I enjoyed reading your post and agree with so much. I have told people I'd rather run out of the hospital than be 'forced' to have a c-section (I don't understand how a doc can 'force' you too unless unconscious).
My SIL, who ran marathons, had an epidural because she 'felt like the contractions were killing her'. No one has ever died from labour pains, have they? But women have died from epidurals/complications.
Visualization never helped me any. You can't picture a flower and the pain disappears. I just let my body go with the tightenings, and avoided negative language, used vocalizing, etc. My last two births were almost pain free. What really helped was to figure out the math. If a contraction lasts 60secs, happens every 5 minutes....that's only 12 minutes out of the hour in pain. I've had toothaches last longer and feel worse than contractions. I wanted to be in control of my births, and got it 2 out of 3 times. Those were some very proud moments.

Judit said...

Visualizations: they don't make the pain go away (didn't for me at any rate) but I am absolutely convinced that visualizing my cervix opening sped up the rate of dilation.

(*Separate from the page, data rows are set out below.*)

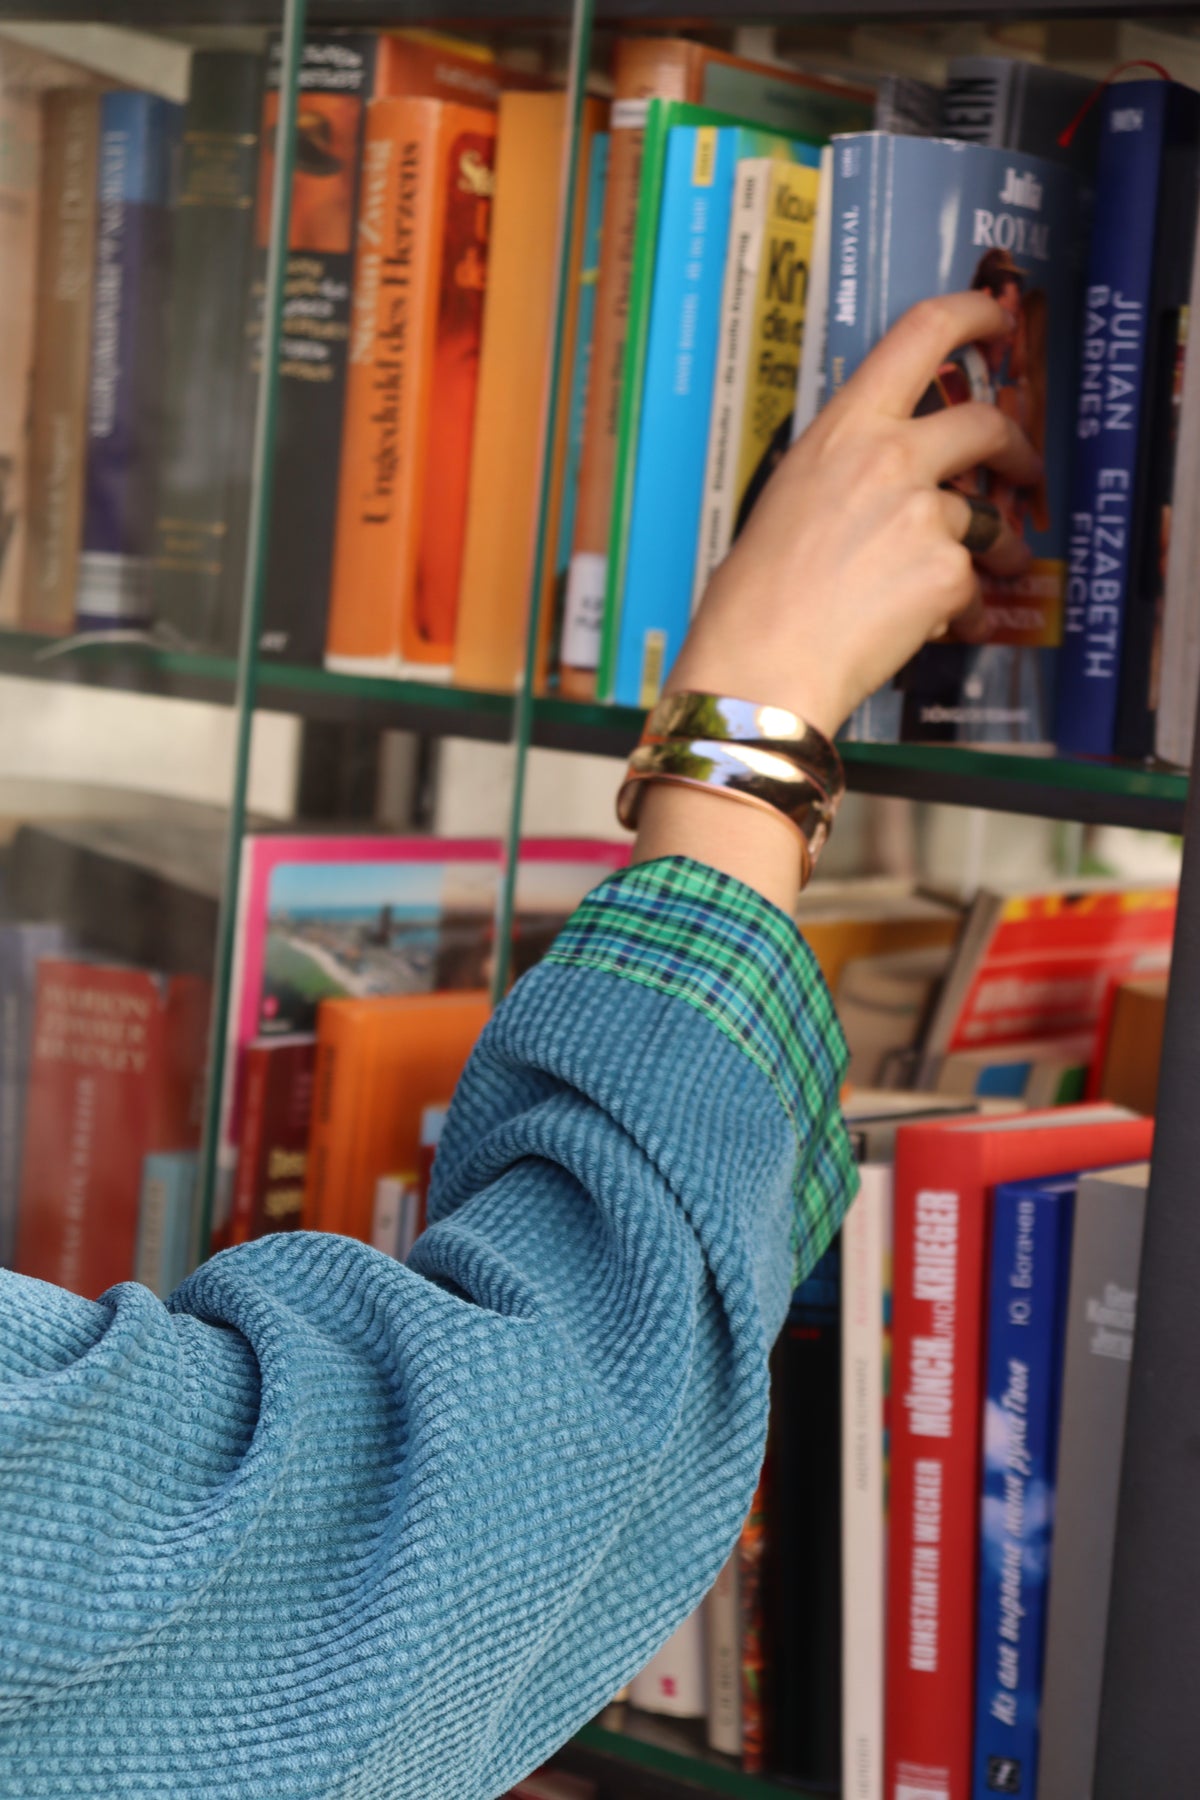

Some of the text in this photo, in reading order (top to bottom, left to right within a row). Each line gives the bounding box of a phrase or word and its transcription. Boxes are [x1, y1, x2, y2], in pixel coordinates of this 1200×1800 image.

[972, 209, 1052, 261] ROYAL
[999, 167, 1043, 210] Julia
[834, 205, 860, 326] Julia ROYAL
[360, 141, 420, 525] Ungeduld des Herzens
[1077, 285, 1111, 439] BARNES
[1105, 291, 1142, 430] JULIAN
[1066, 512, 1094, 633] FINCH
[1084, 468, 1130, 678] ELIZABETH
[913, 1191, 959, 1302] KRIEGER
[1011, 1202, 1036, 1326] Ю. Богачев
[904, 1338, 954, 1437] MÖNCH
[909, 1459, 942, 1671] KONSTANTIN WECKER
[990, 1694, 1018, 1726] Из
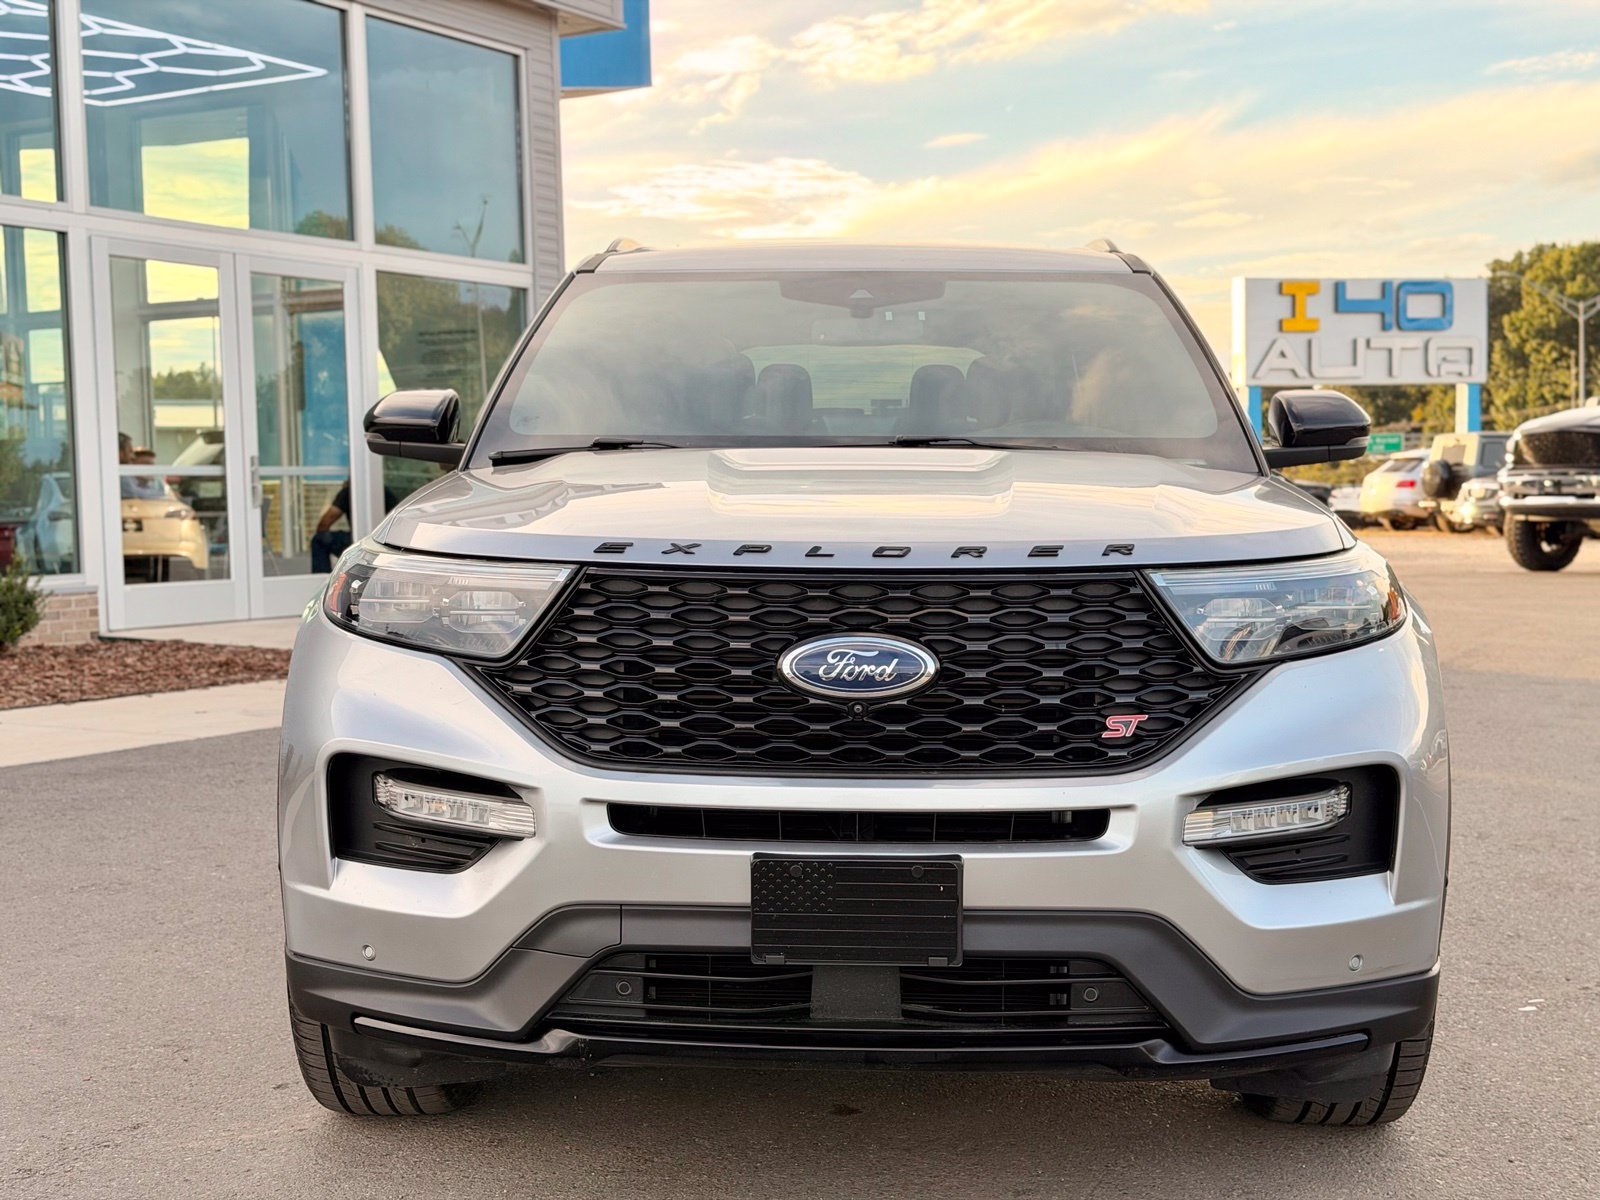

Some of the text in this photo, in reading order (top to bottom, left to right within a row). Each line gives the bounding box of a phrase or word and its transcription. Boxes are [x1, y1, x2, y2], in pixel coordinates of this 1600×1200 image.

[1279, 280, 1455, 332] I 40
[593, 541, 1136, 558] EXPLORER
[818, 648, 899, 681] Ford
[1101, 714, 1149, 738] ST

Voila! more efficient labor, pain's over sooner. At any rate, if you can focus on visualizing, you're probably not hurting so badly that you're desperate for an epidural.

Anonymous said...

Your blog has been very inspiring to me; I had an epidural/ c-section when I wanted a homebirth. The emotional aspects of that are still with me, and reading your words I know I'm not the only one.
The reason I had an epidural was because I told myself over and over during my pregnancy if I had to transfer to a hospital I wouldn't be able to labor there. Of course tell yourself that enough, it will be true, and I asked for epidural immediately when I got there (of course back labor helped). Baby couldn't turn correctly after that, so it did lead to a c-section.
Really I think two things would have been helpful in my situation (and maybe yours?)
1- meditation- I CAN labor in a hospital if I need to. I can labor anywhere. My body is made to do this.
2- Having a doula. There was nothing to focus on in the hospital, and dh was too busy freaking out.
Again, I hope this blog doesn't get closed. You are an honest person and brave for both sharing your feelings and also for doing what you think is right for you and your baby.

Ferret said...

The previous poster mentioned affirmations such as "I can", etc... This is a form of Hypnosis, and it works wonderfully & beautifully during labor! Have you considered Hypnobabies? I used it for the birth of my daughter and it was pain-free, it was orgasmic, and it was so amazing. I had two pervious medicated births that were so painful and so not beautiful.